At the other end of the spectrum, I visited the smallest regional market last week, Central Asia, where less than 0.4% of global capacity is operated but where the potential for growth is significant, especially if low-cost airlines can gain a foothold in the market. There are some amazing market opportunities in the region that with some direction and creativity could make a real impact in the next few years.
India Is Fastest Growing Market and UK Capacity Doubles YoY
Amongst the top twenty country markets, India is the fastest growing this week with a 3% increase taking capacity to 3.8 million, 29% up on the same week last year and less than 5% below the 2019 level. The stretch and reach of the Indian low-cost airline industry is impressive, last week I spotted an Indigo aircraft in Istanbul having operated a 7:35 sector from Delhi highlighting just how many “medium to long-haul” markets are within reach from India.
Capacity from the United Kingdom has nearly doubled year-on-year. Of course, the issue with resources has been well documented with British Airways suspending short-haul ticket sales from London Heathrow to Europe last week. Despite all the press coverage, not as well documented is how cancellation rates have fallen in the UK; last week LHR reported a 0.34% cancellation rate compared to 2.17% the week before, while LGW was at 0.12% for the last seven days - you would have to be very unlucky to have your flight cancelled at the moment.
Finally at the country level, just to remind ourselves how far we are in the recovery, Vietnam imposed a sharp and sudden lockdown last year cutting capacity back to less than 90,000 seats; this week it is back at 1.4 million ... that’s a recovery that even Christian Ronaldo couldn’t achieve!
Although the Hainan lockdown has yet to be worked through by most Chinese carriers, China Eastern are ahead of the game with a 6% cut week-on-week. Similar cuts amongst the top twenty carriers next week should be expected from China Southern and Air China, and the ripple through other Chinese carriers could be significant.

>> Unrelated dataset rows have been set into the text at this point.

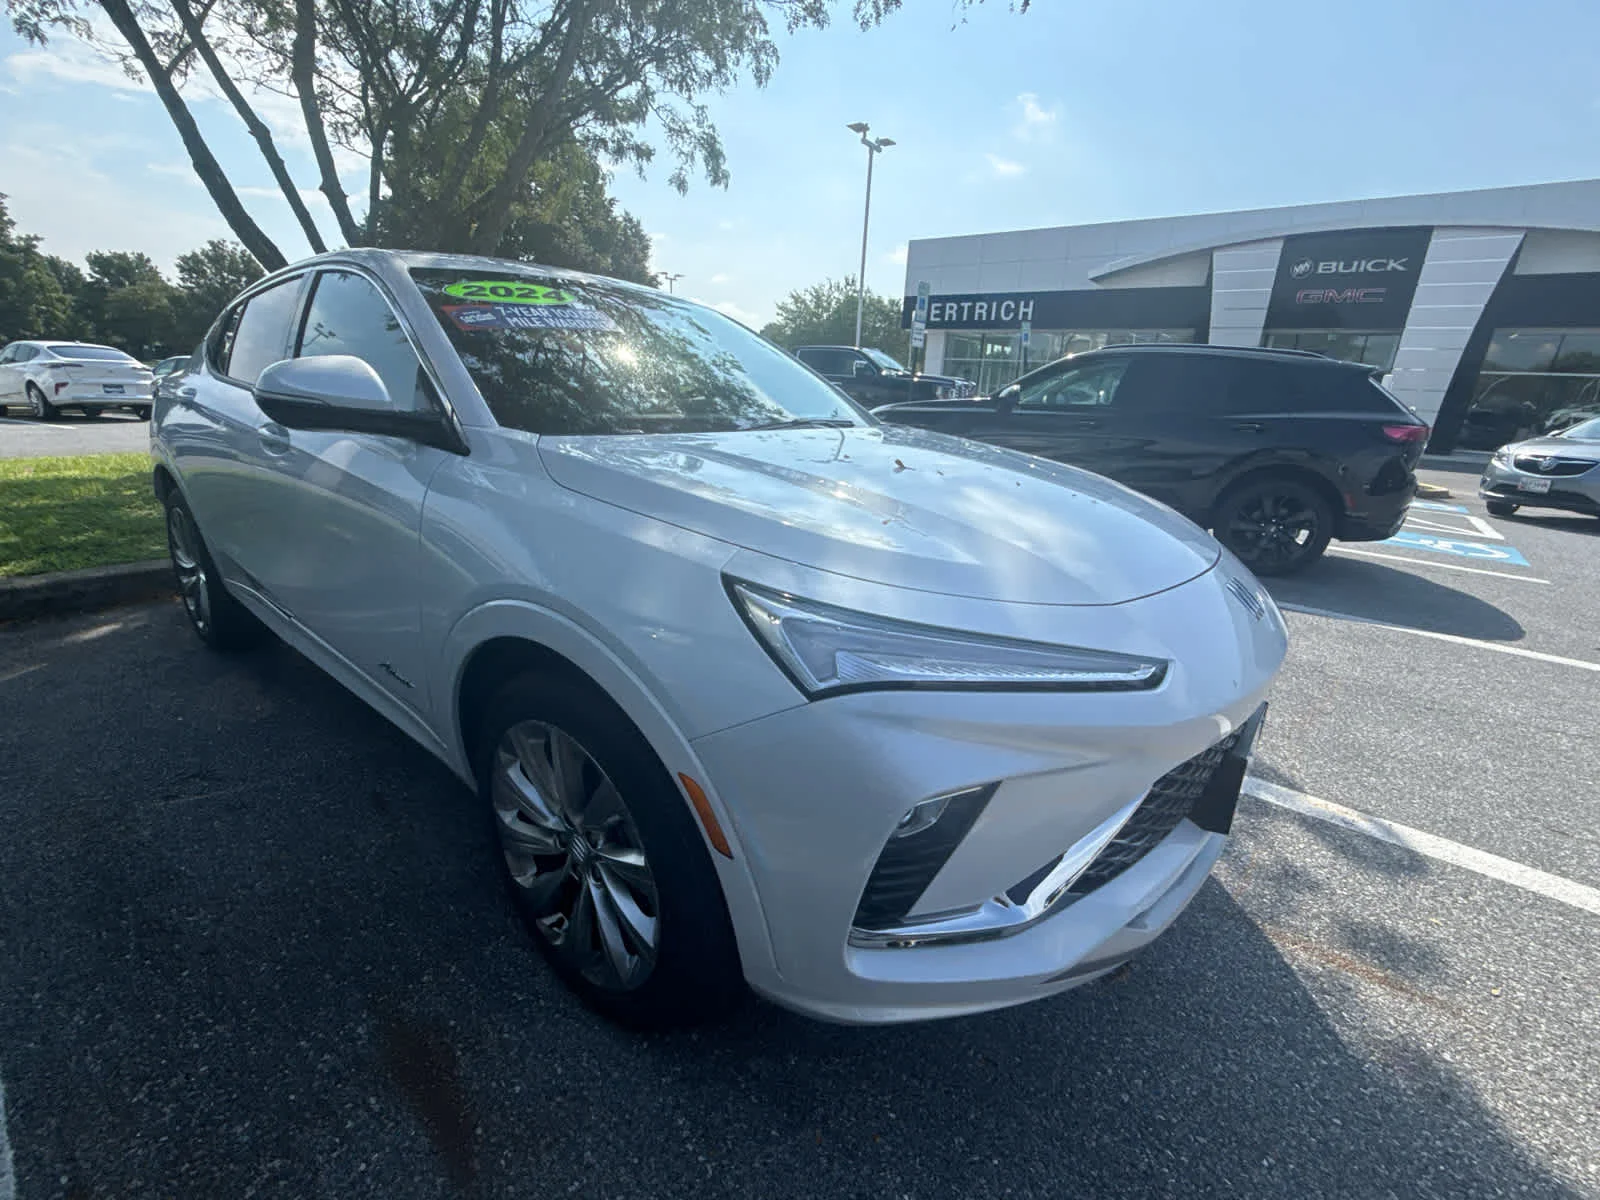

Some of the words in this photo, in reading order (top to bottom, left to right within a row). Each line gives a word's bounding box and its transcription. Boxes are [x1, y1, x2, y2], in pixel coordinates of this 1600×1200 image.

[1316, 257, 1409, 274] BUICK
[461, 284, 568, 301] 2024
[1295, 287, 1388, 304] GMC
[912, 299, 1034, 322] ERTRICH
[505, 316, 545, 328] MILE
[544, 317, 614, 329] WARRAN
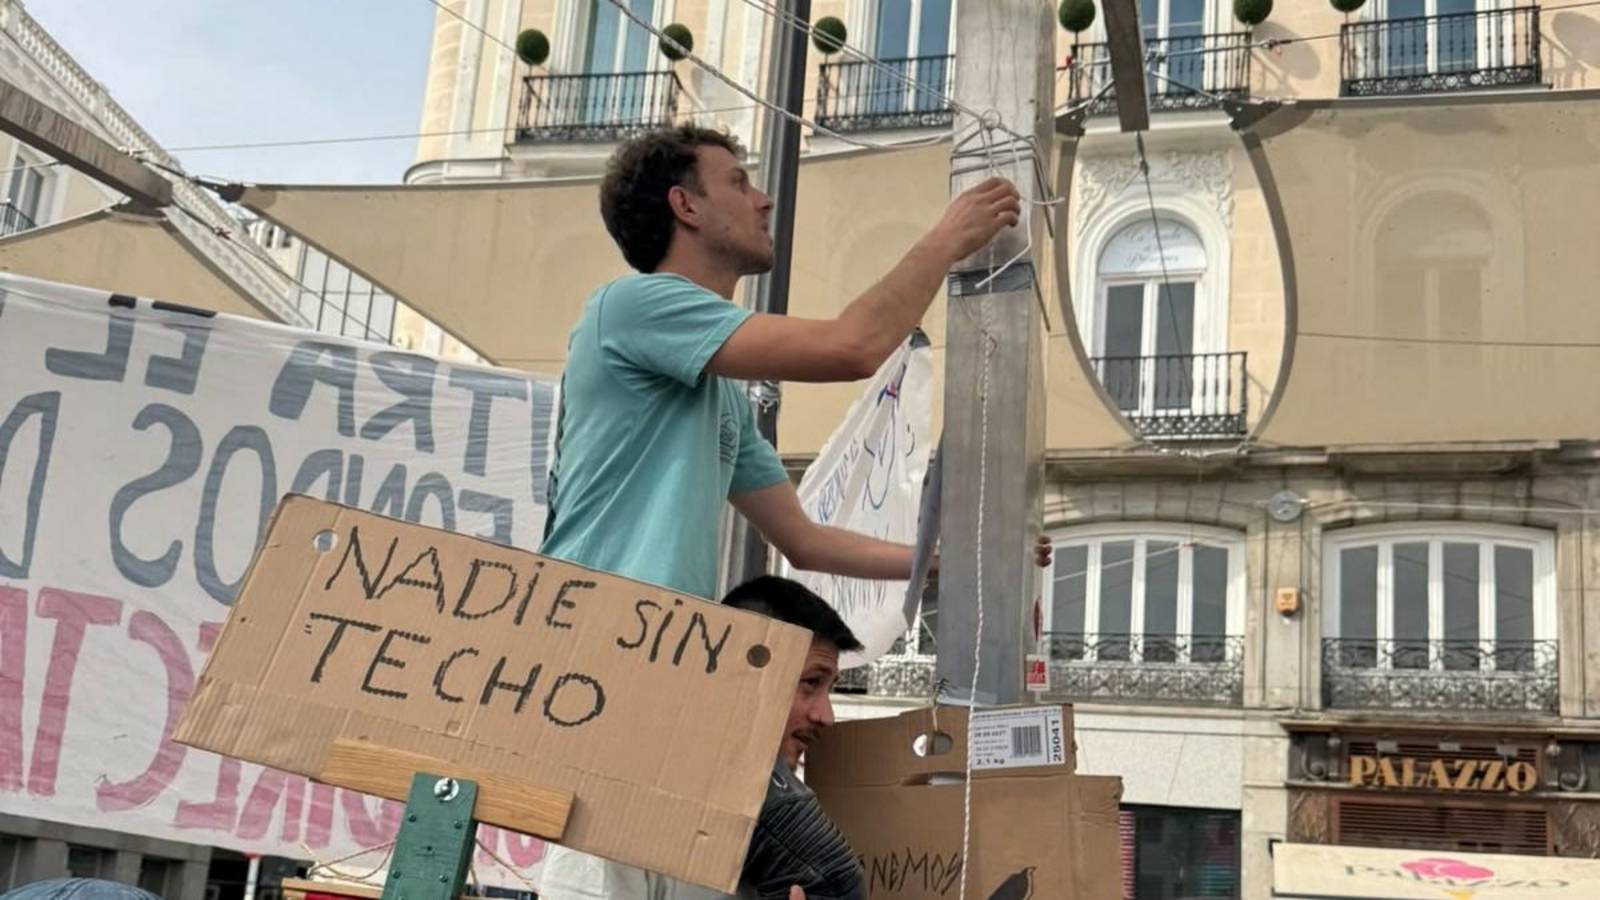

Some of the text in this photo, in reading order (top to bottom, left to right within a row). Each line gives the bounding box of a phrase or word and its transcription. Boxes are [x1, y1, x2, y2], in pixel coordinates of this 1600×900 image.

[309, 612, 606, 727] TECHO
[1051, 719, 1063, 762] 25041
[1350, 755, 1538, 792] PALAZZO
[859, 847, 963, 897] NEMOS

This week easyJet have nudged above Turkish Airlines and Emirates have dropped a place at the expense of All Nippon. However, the top twenty largest scheduled airlines have been an established group for some weeks and although Japan Air Lines are just outside of the group the gap is now as wide as it seems to be between the Premier League and Championship as Nottingham Forest found out at the weekend.
So, another good week for the aviation recovery and, it seems, that we are firmly on the road to recovery with very positive indicators through to the end of October. Of course, the one unknown at the moment is the recovery in corporate demand and only time will tell if that bounces back in the autumn. Talking of bouncebacks, will Manchester United ever beat the mighty Seagulls...not likely this year for sure!